▶ Exercise
The lines that make up this material should each be returned exactly.

▶ Data listing

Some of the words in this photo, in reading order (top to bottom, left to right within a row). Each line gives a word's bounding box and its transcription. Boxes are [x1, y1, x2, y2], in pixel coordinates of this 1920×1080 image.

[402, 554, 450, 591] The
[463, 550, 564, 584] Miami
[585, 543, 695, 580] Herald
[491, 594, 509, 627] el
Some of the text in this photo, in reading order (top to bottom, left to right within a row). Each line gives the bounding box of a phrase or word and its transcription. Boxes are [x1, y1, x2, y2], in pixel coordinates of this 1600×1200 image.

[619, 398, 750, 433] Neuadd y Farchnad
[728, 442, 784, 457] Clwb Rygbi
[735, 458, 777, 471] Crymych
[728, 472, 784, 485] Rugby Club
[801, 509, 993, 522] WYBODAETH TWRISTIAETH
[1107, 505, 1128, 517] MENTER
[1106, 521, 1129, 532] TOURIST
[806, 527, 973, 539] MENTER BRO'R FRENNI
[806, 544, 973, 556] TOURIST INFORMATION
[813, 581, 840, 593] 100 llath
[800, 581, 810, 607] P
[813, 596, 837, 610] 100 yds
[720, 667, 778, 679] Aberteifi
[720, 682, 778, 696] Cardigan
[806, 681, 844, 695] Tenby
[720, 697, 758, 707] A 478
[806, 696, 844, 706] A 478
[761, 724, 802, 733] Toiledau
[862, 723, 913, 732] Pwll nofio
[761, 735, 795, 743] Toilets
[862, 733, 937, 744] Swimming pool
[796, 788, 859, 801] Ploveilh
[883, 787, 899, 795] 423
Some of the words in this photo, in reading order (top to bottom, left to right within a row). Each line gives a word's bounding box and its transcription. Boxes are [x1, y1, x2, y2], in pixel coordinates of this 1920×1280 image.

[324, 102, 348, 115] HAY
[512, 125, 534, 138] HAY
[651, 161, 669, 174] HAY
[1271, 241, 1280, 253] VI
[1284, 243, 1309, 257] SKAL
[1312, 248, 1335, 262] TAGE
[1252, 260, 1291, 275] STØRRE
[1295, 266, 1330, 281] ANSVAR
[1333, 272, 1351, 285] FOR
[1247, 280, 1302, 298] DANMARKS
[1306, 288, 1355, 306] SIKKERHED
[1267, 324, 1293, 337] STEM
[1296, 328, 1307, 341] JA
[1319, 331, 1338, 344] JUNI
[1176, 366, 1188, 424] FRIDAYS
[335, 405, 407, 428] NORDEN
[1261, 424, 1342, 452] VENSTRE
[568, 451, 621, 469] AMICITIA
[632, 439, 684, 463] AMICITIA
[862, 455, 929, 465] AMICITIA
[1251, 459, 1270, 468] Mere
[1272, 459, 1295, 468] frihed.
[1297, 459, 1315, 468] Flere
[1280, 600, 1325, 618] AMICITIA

▶ Solution for this exercise
Some of the words in this photo, in reading order (top to bottom, left to right within a row). Each line gives a word's bounding box and its transcription. Boxes are [x1, y1, x2, y2], in pixel coordinates of this 1920×1080 image.

[402, 554, 450, 591] The
[463, 550, 564, 584] Miami
[585, 543, 695, 580] Herald
[491, 594, 509, 627] el
Some of the text in this photo, in reading order (top to bottom, left to right within a row). Each line gives the bounding box of a phrase or word and its transcription. Boxes are [x1, y1, x2, y2], in pixel coordinates of this 1600×1200 image.

[619, 398, 750, 433] Neuadd y Farchnad
[728, 442, 784, 457] Clwb Rygbi
[735, 458, 777, 471] Crymych
[728, 472, 784, 485] Rugby Club
[801, 509, 993, 522] WYBODAETH TWRISTIAETH
[1107, 505, 1128, 517] MENTER
[1106, 521, 1129, 532] TOURIST
[806, 527, 973, 539] MENTER BRO'R FRENNI
[806, 544, 973, 556] TOURIST INFORMATION
[813, 581, 840, 593] 100 llath
[800, 581, 810, 607] P
[813, 596, 837, 610] 100 yds
[720, 667, 778, 679] Aberteifi
[720, 682, 778, 696] Cardigan
[806, 681, 844, 695] Tenby
[720, 697, 758, 707] A 478
[806, 696, 844, 706] A 478
[761, 724, 802, 733] Toiledau
[862, 723, 913, 732] Pwll nofio
[761, 735, 795, 743] Toilets
[862, 733, 937, 744] Swimming pool
[796, 788, 859, 801] Ploveilh
[883, 787, 899, 795] 423
Some of the words in this photo, in reading order (top to bottom, left to right within a row). Each line gives a word's bounding box and its transcription. Boxes are [x1, y1, x2, y2], in pixel coordinates of this 1920×1280 image.

[324, 102, 348, 115] HAY
[512, 125, 534, 138] HAY
[651, 161, 669, 174] HAY
[1271, 241, 1280, 253] VI
[1284, 243, 1309, 257] SKAL
[1312, 248, 1335, 262] TAGE
[1252, 260, 1291, 275] STØRRE
[1295, 266, 1330, 281] ANSVAR
[1333, 272, 1351, 285] FOR
[1247, 280, 1302, 298] DANMARKS
[1306, 288, 1355, 306] SIKKERHED
[1267, 324, 1293, 337] STEM
[1296, 328, 1307, 341] JA
[1319, 331, 1338, 344] JUNI
[1176, 366, 1188, 424] FRIDAYS
[335, 405, 407, 428] NORDEN
[1261, 424, 1342, 452] VENSTRE
[568, 451, 621, 469] AMICITIA
[632, 439, 684, 463] AMICITIA
[862, 455, 929, 465] AMICITIA
[1251, 459, 1270, 468] Mere
[1272, 459, 1295, 468] frihed.
[1297, 459, 1315, 468] Flere
[1280, 600, 1325, 618] AMICITIA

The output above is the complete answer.